#### Problem to work on:
Transcribe the data exactly, pictures excluded.

#### Material provided:
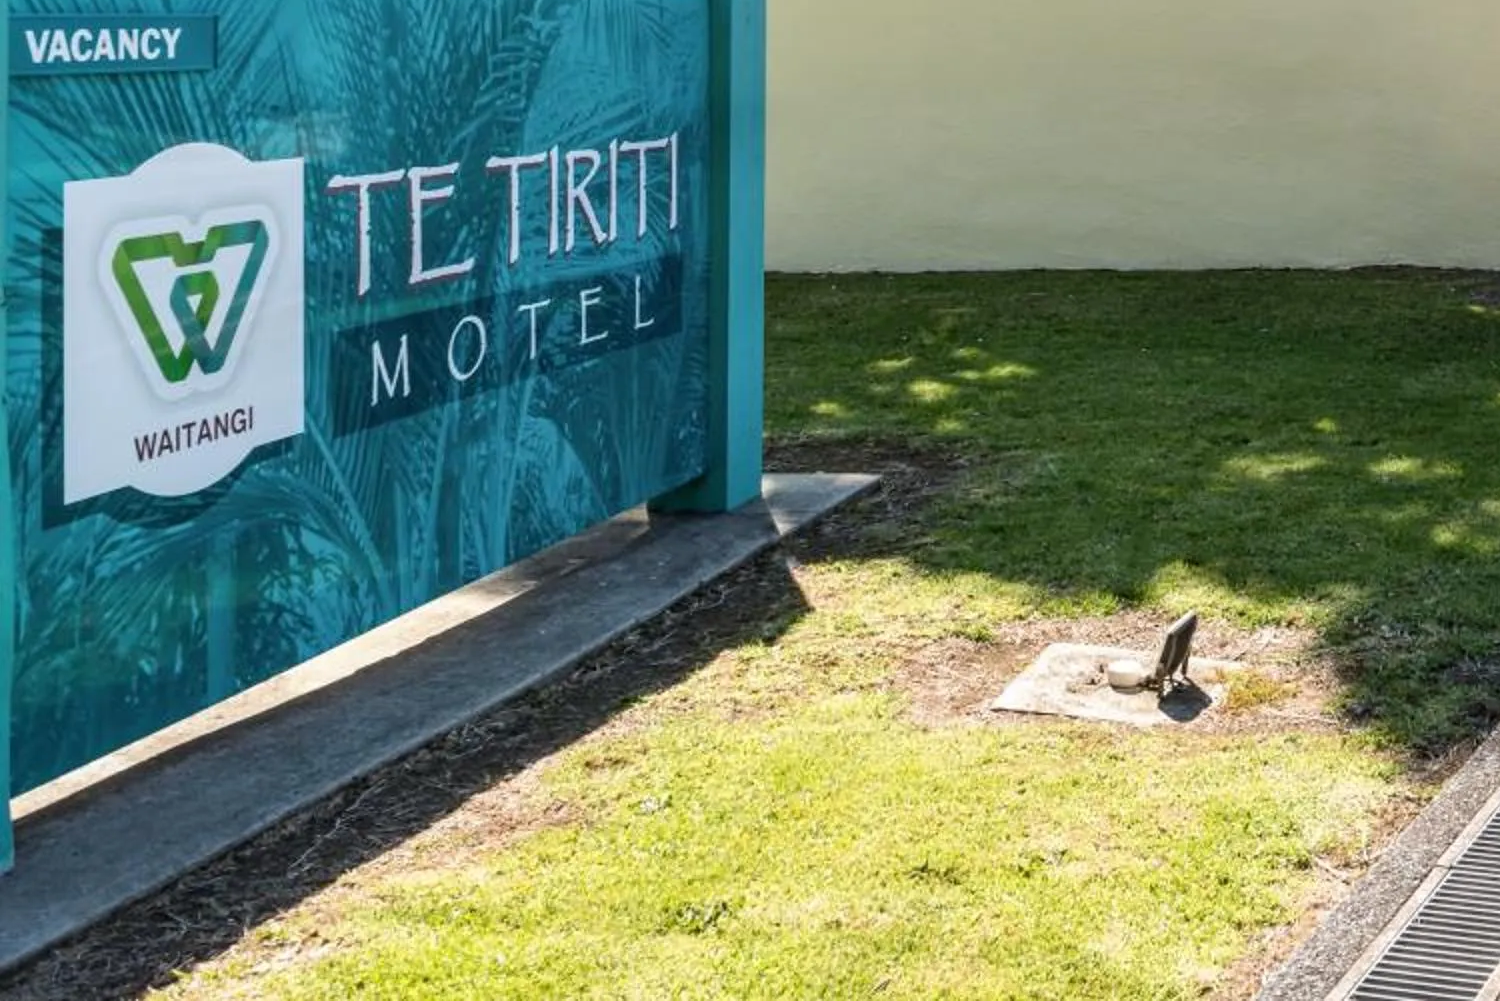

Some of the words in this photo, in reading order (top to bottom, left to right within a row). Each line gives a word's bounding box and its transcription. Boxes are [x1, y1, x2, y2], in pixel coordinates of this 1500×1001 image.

[25, 27, 182, 64] VACANCY
[326, 162, 476, 296] TE
[485, 131, 679, 265] TIRITI
[370, 274, 656, 407] MOTEL
[133, 404, 254, 463] WAITANGI
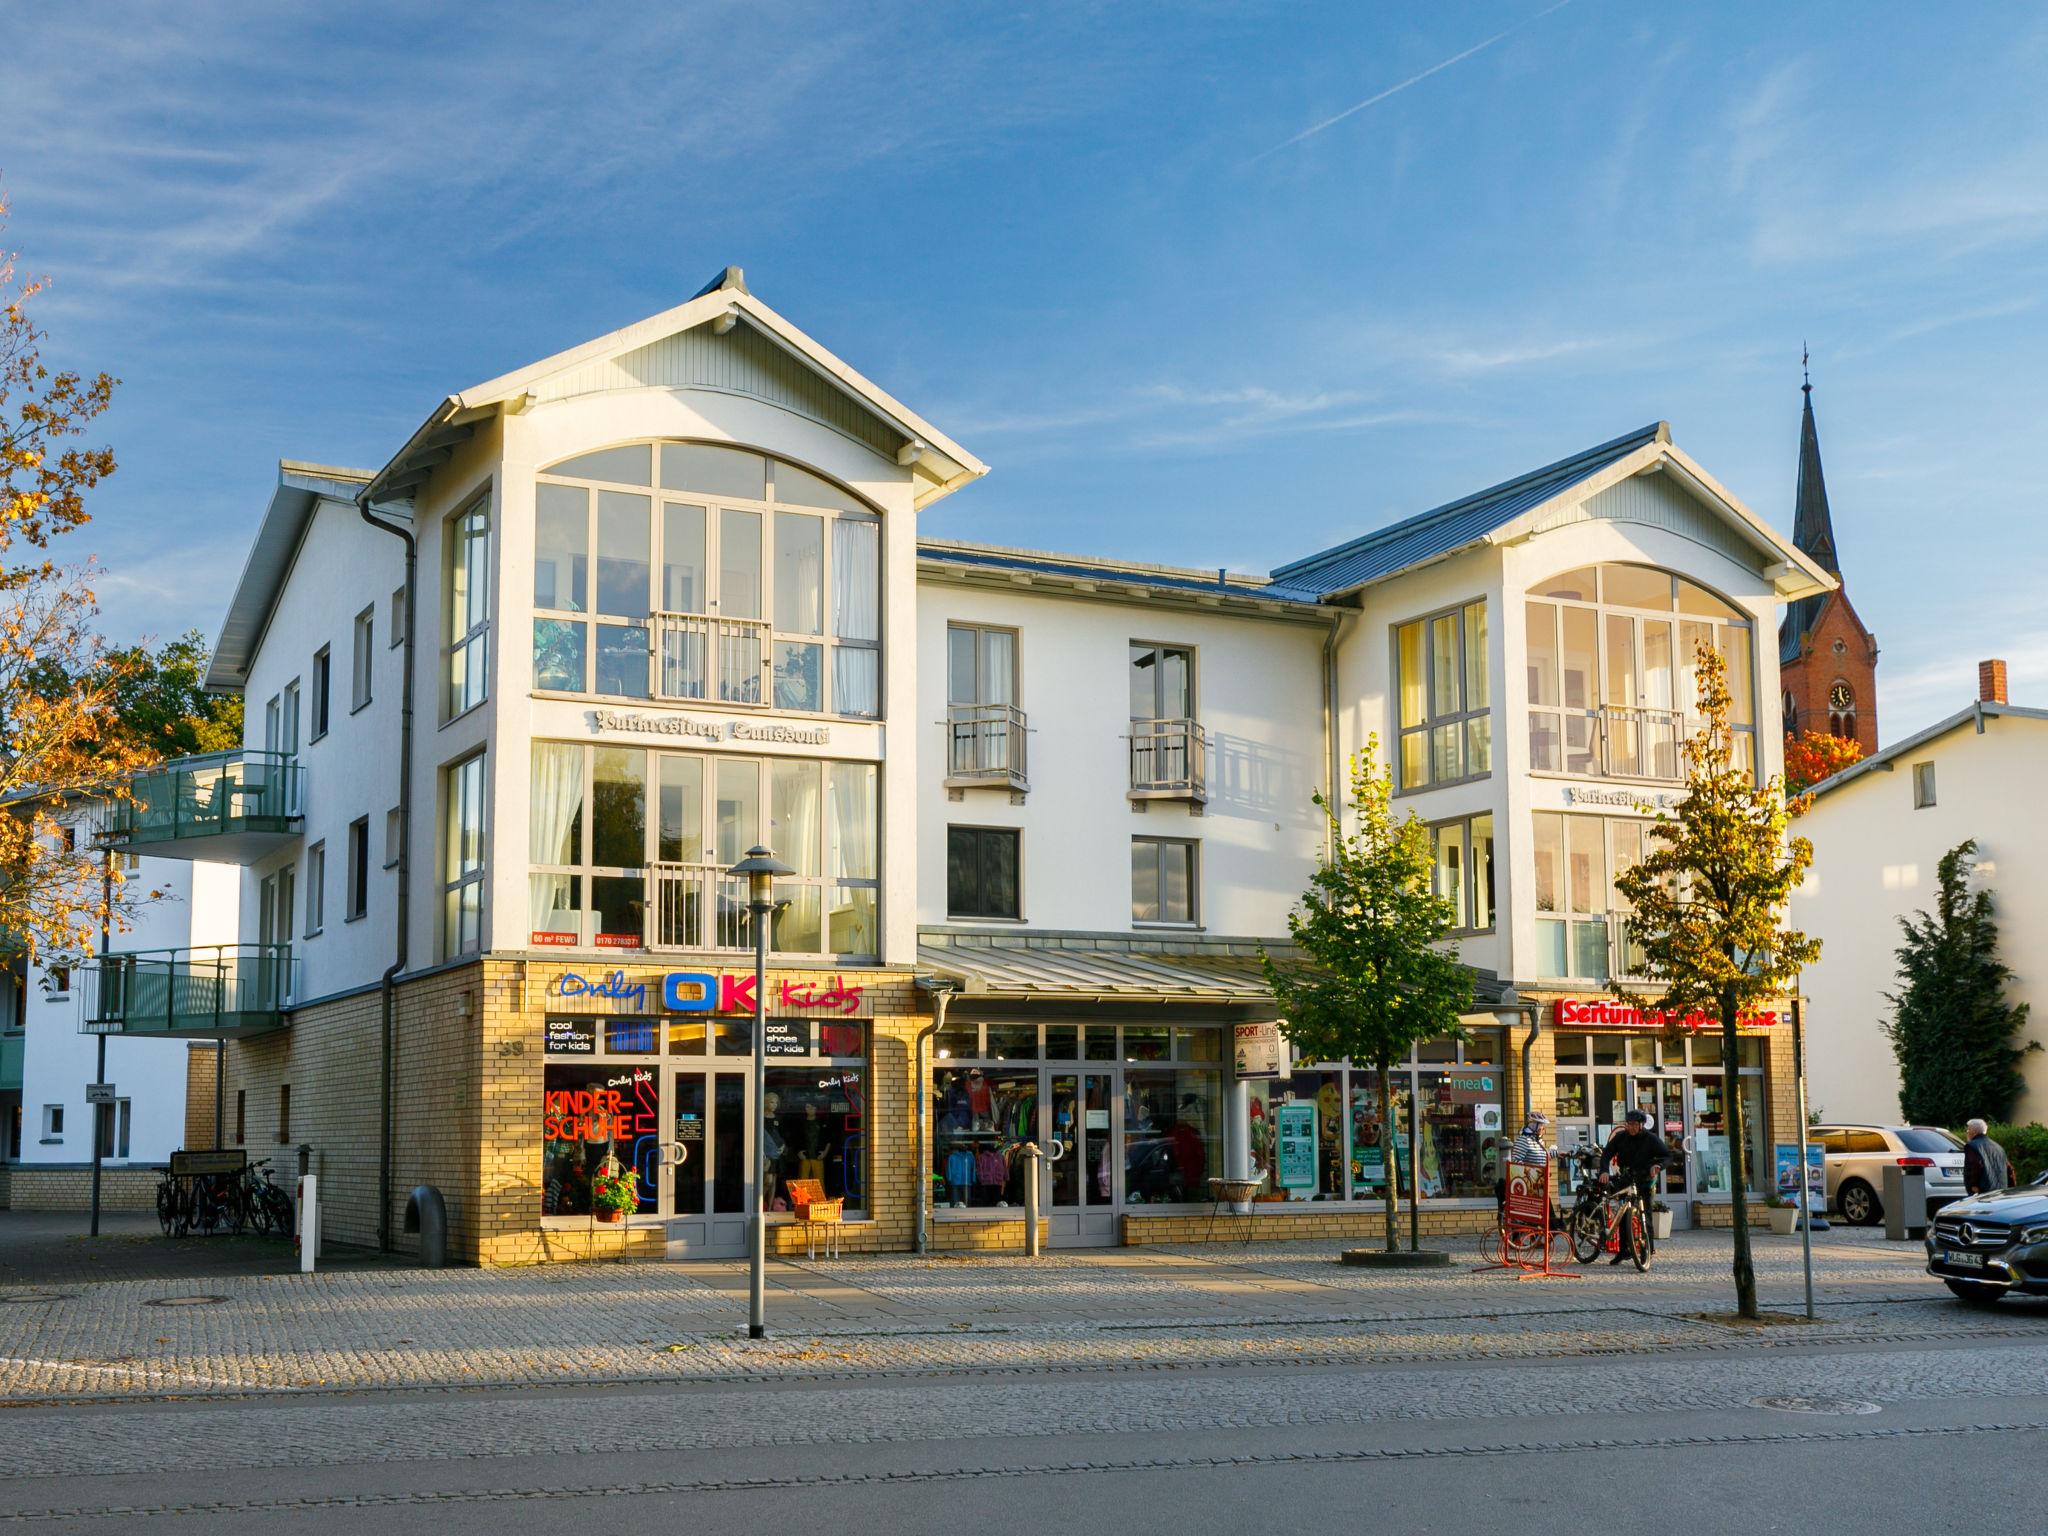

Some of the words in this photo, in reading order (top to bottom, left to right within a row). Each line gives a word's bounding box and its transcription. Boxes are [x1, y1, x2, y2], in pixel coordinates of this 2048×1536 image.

[596, 710, 726, 742] Parkresidenz
[733, 721, 830, 745] Sanssouci
[533, 934, 543, 943] 60
[555, 935, 576, 944] FEWO
[596, 937, 611, 945] 0170
[560, 970, 645, 1011] Only
[662, 972, 770, 1012] OK
[781, 975, 863, 1014] Kids
[549, 1021, 573, 1030] cool
[766, 1024, 788, 1033] cool
[549, 1031, 589, 1040] fashion
[1235, 1025, 1258, 1037] SPORT
[766, 1034, 798, 1043] shoes
[549, 1041, 567, 1050] for
[568, 1041, 591, 1051] kids
[766, 1043, 782, 1053] for
[783, 1044, 805, 1053] kids
[608, 1074, 632, 1087] Only
[818, 1077, 841, 1088] Only
[1452, 1079, 1481, 1090] mea
[545, 1090, 634, 1115] KINDER-
[544, 1115, 633, 1141] SCHUHE
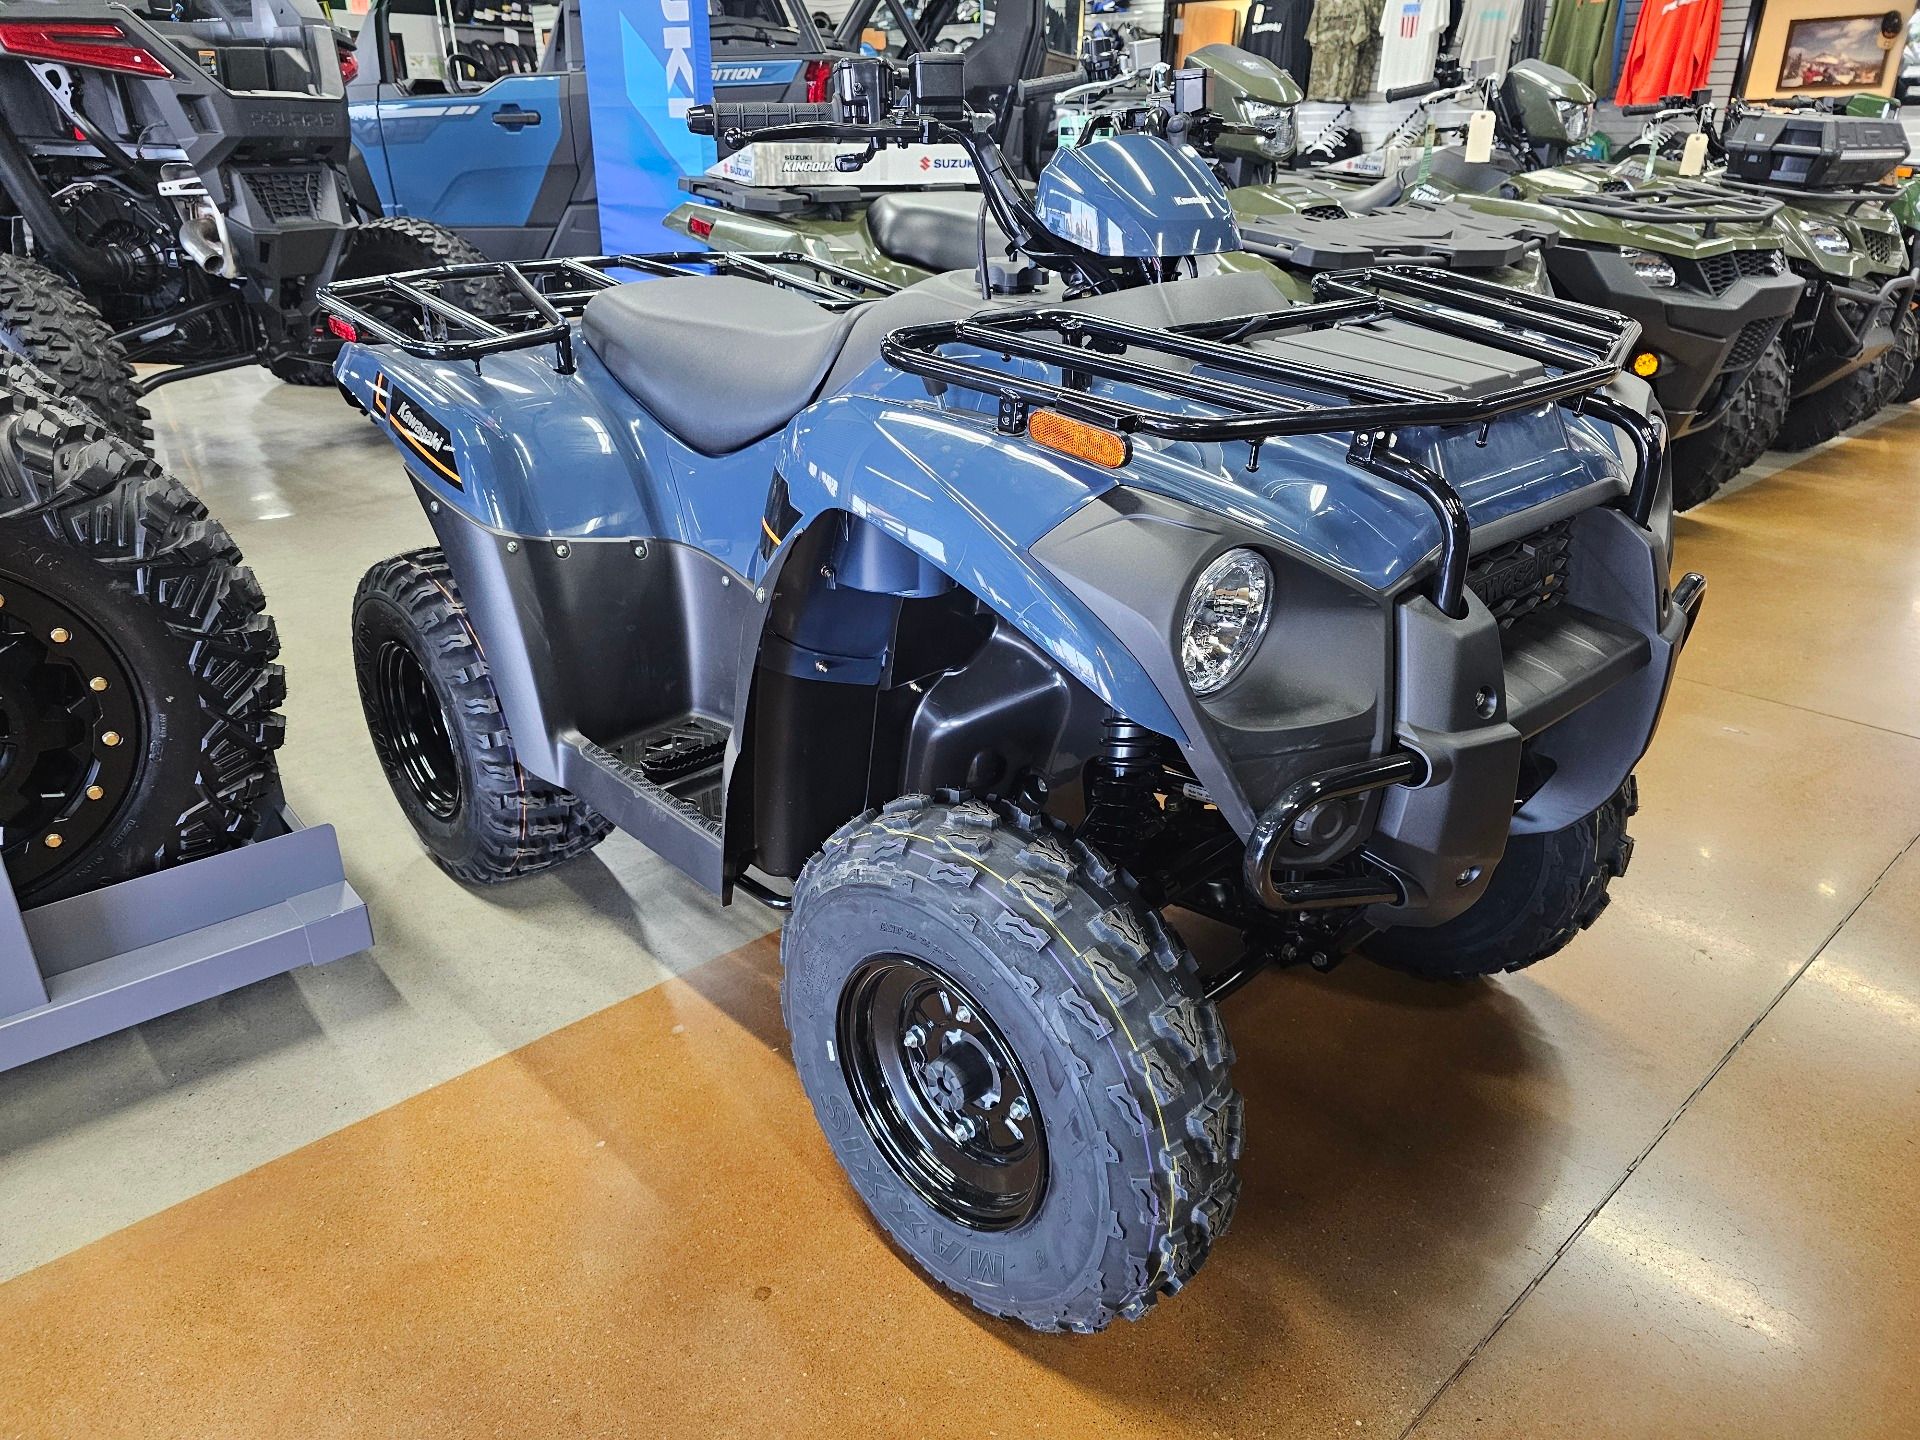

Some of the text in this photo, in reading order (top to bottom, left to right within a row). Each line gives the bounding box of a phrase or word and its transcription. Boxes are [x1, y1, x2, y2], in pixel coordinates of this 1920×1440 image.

[250, 111, 336, 127] POLARIS
[730, 165, 753, 179] SUZUKI
[781, 161, 839, 173] KINGQUA
[396, 401, 445, 453] Kawasaki
[1466, 545, 1555, 605] awasaki
[820, 1090, 1006, 1287] MAXXIS
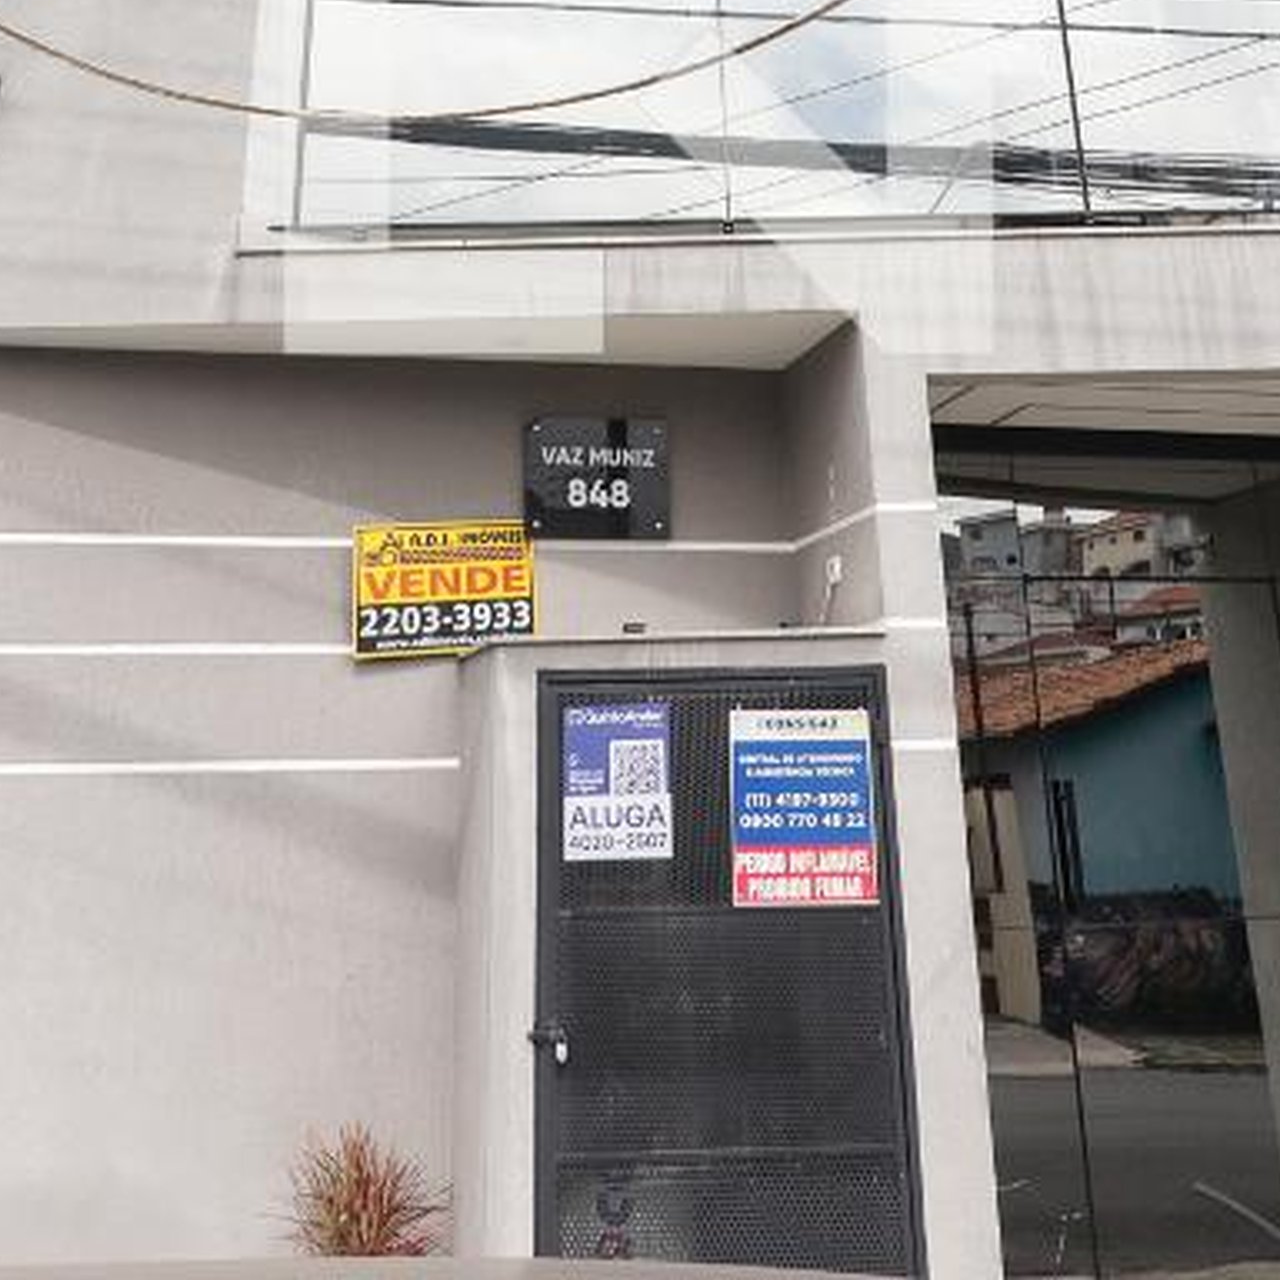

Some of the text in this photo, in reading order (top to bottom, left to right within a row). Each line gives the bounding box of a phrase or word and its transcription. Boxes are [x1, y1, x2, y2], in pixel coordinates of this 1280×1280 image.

#### Written answer:
Some of the words in this photo, in reading order (top to bottom, left to right within a row). Each line gives a word's bounding box and its transcription. Boxes are [x1, y1, x2, y2], in pixel coordinates of this 1500×1001 image.

[25, 27, 182, 64] VACANCY
[326, 162, 476, 296] TE
[485, 131, 679, 265] TIRITI
[370, 274, 656, 407] MOTEL
[133, 404, 254, 463] WAITANGI

Some of the words in this photo, in reading order (top to bottom, left to right within a row). Each line gives a word's bounding box and its transcription. Boxes are [x1, y1, x2, y2], in pixel coordinates of this 2048×1536 image.

[596, 710, 726, 742] Parkresidenz
[733, 721, 830, 745] Sanssouci
[533, 934, 543, 943] 60
[555, 935, 576, 944] FEWO
[596, 937, 611, 945] 0170
[560, 970, 645, 1011] Only
[662, 972, 770, 1012] OK
[781, 975, 863, 1014] Kids
[549, 1021, 573, 1030] cool
[766, 1024, 788, 1033] cool
[549, 1031, 589, 1040] fashion
[1235, 1025, 1258, 1037] SPORT
[766, 1034, 798, 1043] shoes
[549, 1041, 567, 1050] for
[568, 1041, 591, 1051] kids
[766, 1043, 782, 1053] for
[783, 1044, 805, 1053] kids
[608, 1074, 632, 1087] Only
[818, 1077, 841, 1088] Only
[1452, 1079, 1481, 1090] mea
[545, 1090, 634, 1115] KINDER-
[544, 1115, 633, 1141] SCHUHE

Some of the text in this photo, in reading order (top to bottom, left to right within a row). Each line gives the bounding box of a phrase or word and its transcription. Boxes are [x1, y1, x2, y2], in pixel coordinates of this 1920×1440 image.

[250, 111, 336, 127] POLARIS
[730, 165, 753, 179] SUZUKI
[781, 161, 839, 173] KINGQUA
[396, 401, 445, 453] Kawasaki
[1466, 545, 1555, 605] awasaki
[820, 1090, 1006, 1287] MAXXIS

Some of the text in this photo, in reading order (top to bottom, left to right within a row). Each line gives the bounding box of a phrase or word and its transcription. Boxes are [x1, y1, x2, y2], in pixel coordinates of this 1280×1280 image.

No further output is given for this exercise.